> [Brief]: Would you please reproduce all the entries word for word, minus the pictures?

> [Data to examine]:
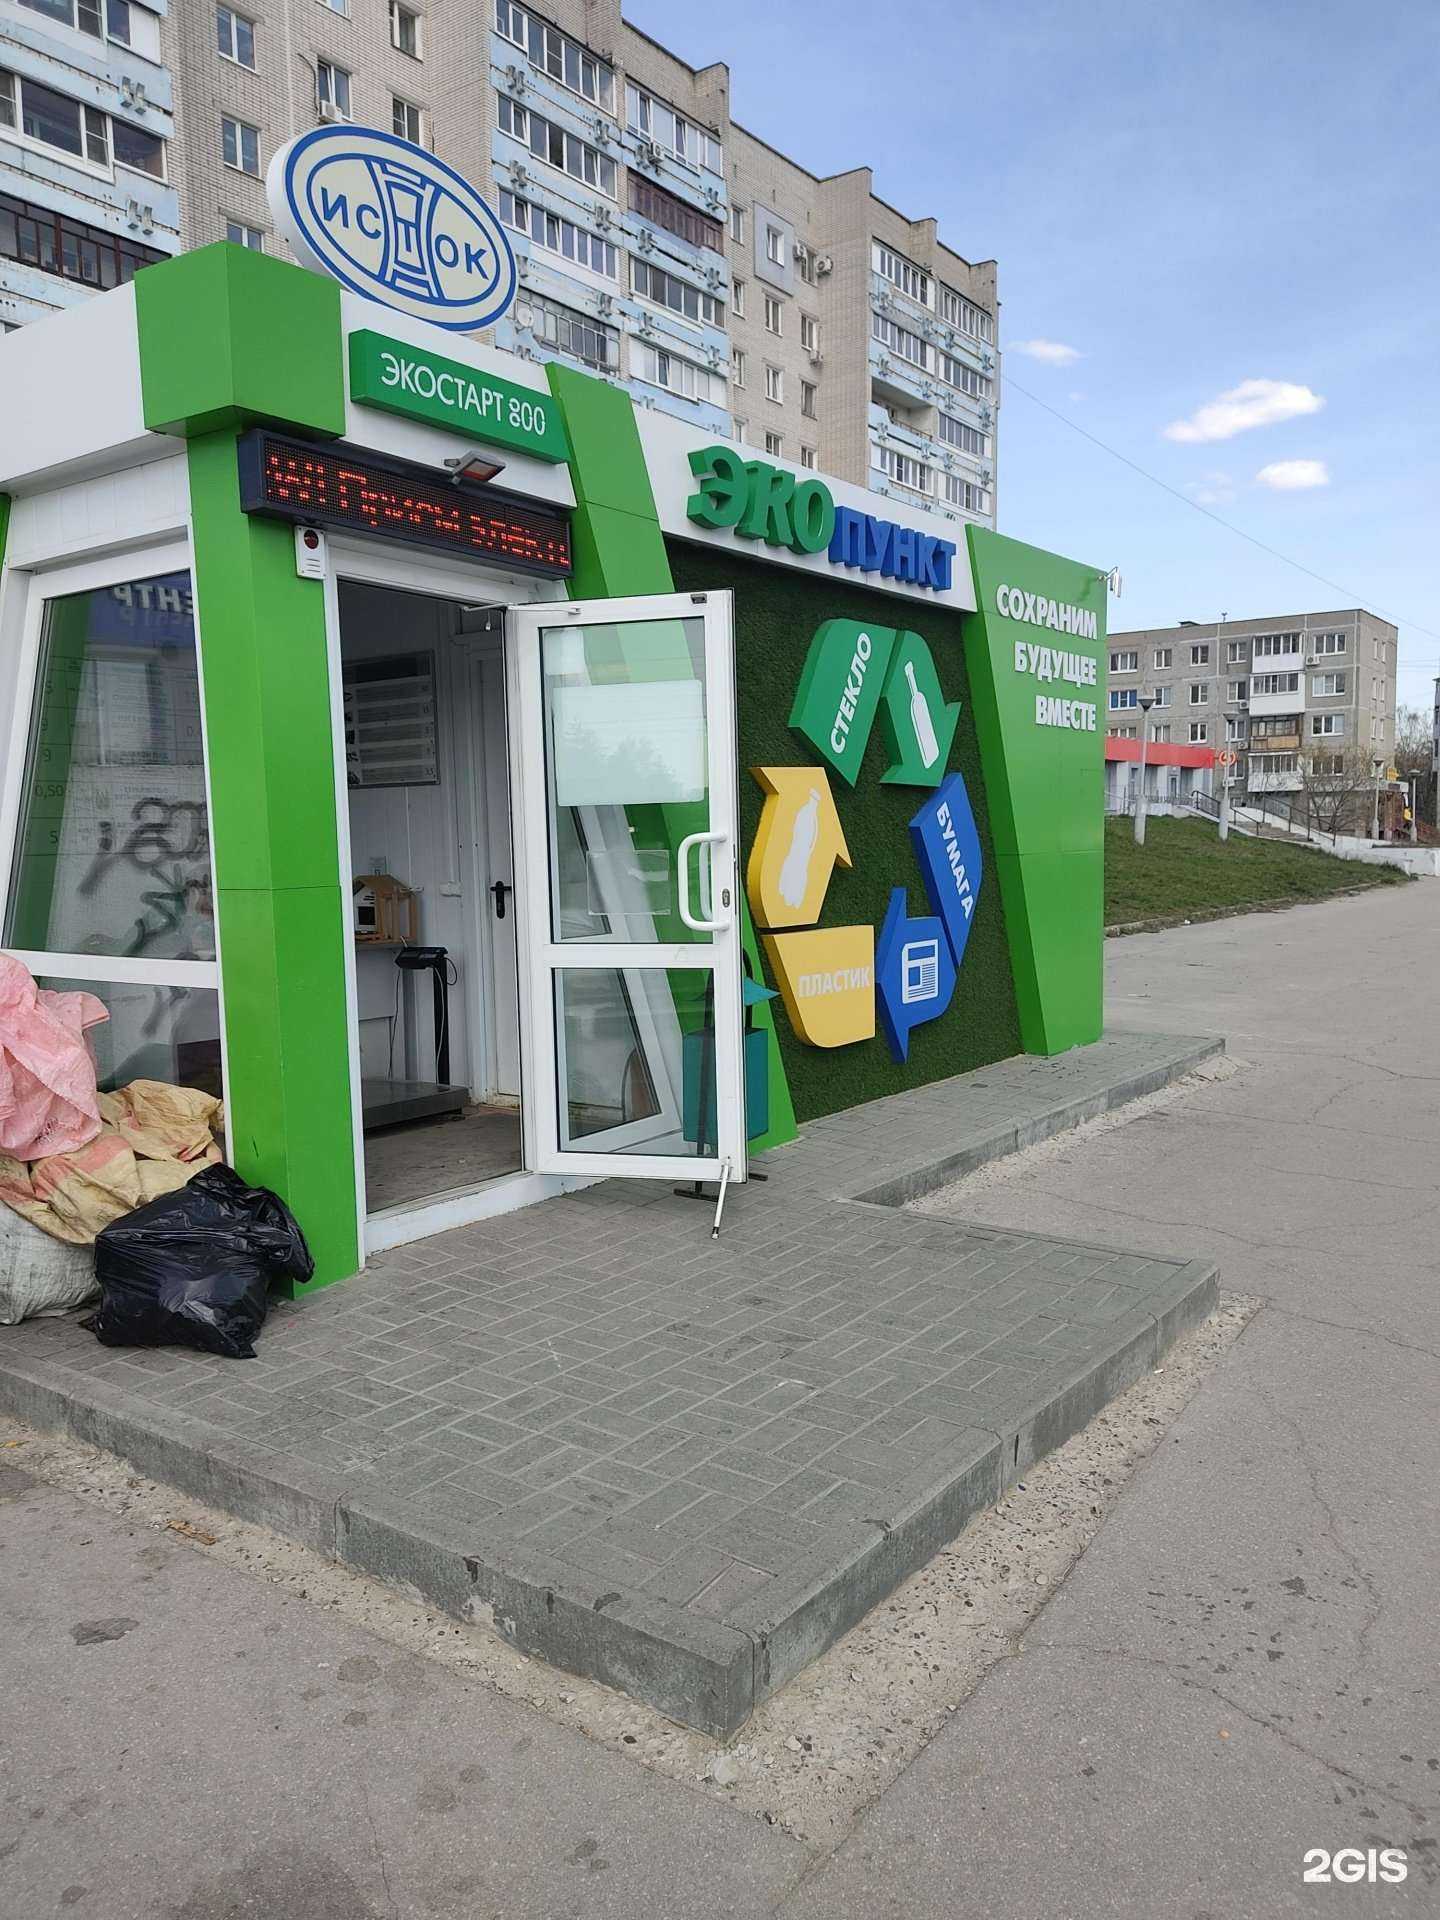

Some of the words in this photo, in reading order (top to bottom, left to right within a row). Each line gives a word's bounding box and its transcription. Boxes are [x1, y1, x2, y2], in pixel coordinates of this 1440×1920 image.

[320, 186, 490, 281] ИСТОК
[380, 352, 504, 421] ЭКОСТАРТ
[508, 398, 547, 436] 800
[996, 583, 1098, 641] СОХРАНИМ
[829, 631, 873, 755] СТЕКЛО
[1014, 641, 1098, 691] БУДУЩЕЕ
[1035, 695, 1098, 732] ВМЕСТЕ
[935, 800, 974, 921] БУМАГА
[799, 965, 871, 998] ПЛАСТИК
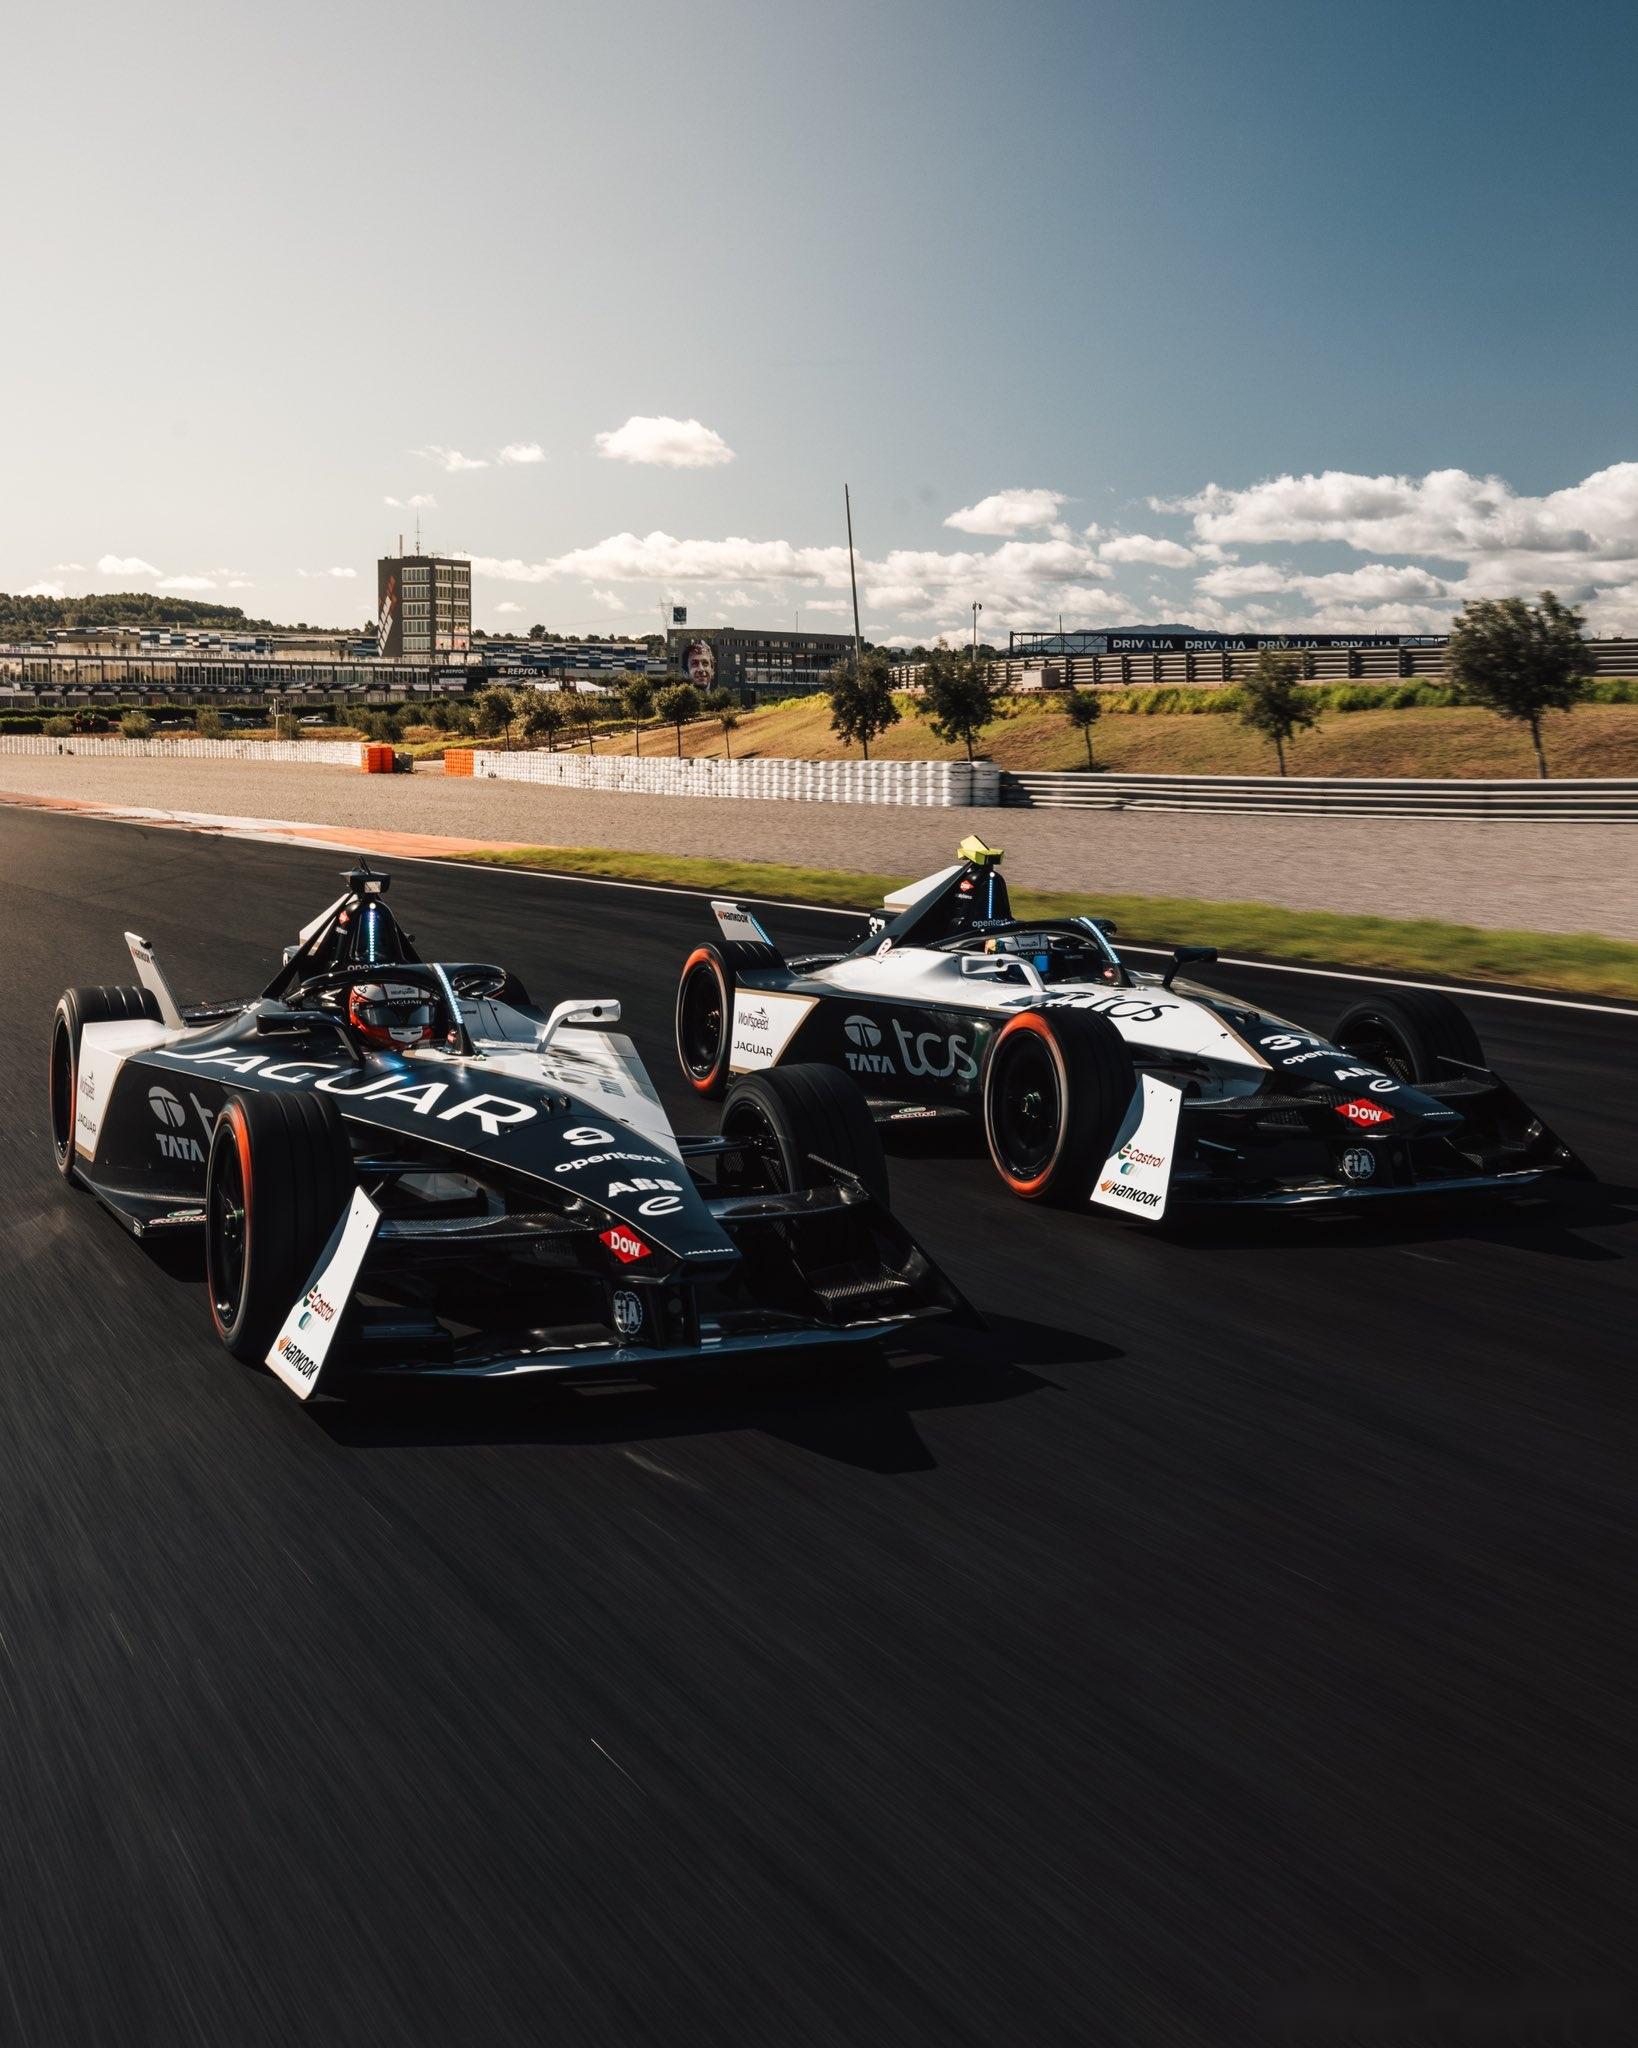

> [Solution]:
Some of the words in this photo, in reading order (top to bottom, left to right within a row). Each line gives a word's bounding box and its transcription. Boxes are [x1, y1, x2, y2], in pixel coordinates of this 1440×1920 image.

[320, 186, 490, 281] ИСТОК
[380, 352, 504, 421] ЭКОСТАРТ
[508, 398, 547, 436] 800
[996, 583, 1098, 641] СОХРАНИМ
[829, 631, 873, 755] СТЕКЛО
[1014, 641, 1098, 691] БУДУЩЕЕ
[1035, 695, 1098, 732] ВМЕСТЕ
[935, 800, 974, 921] БУМАГА
[799, 965, 871, 998] ПЛАСТИК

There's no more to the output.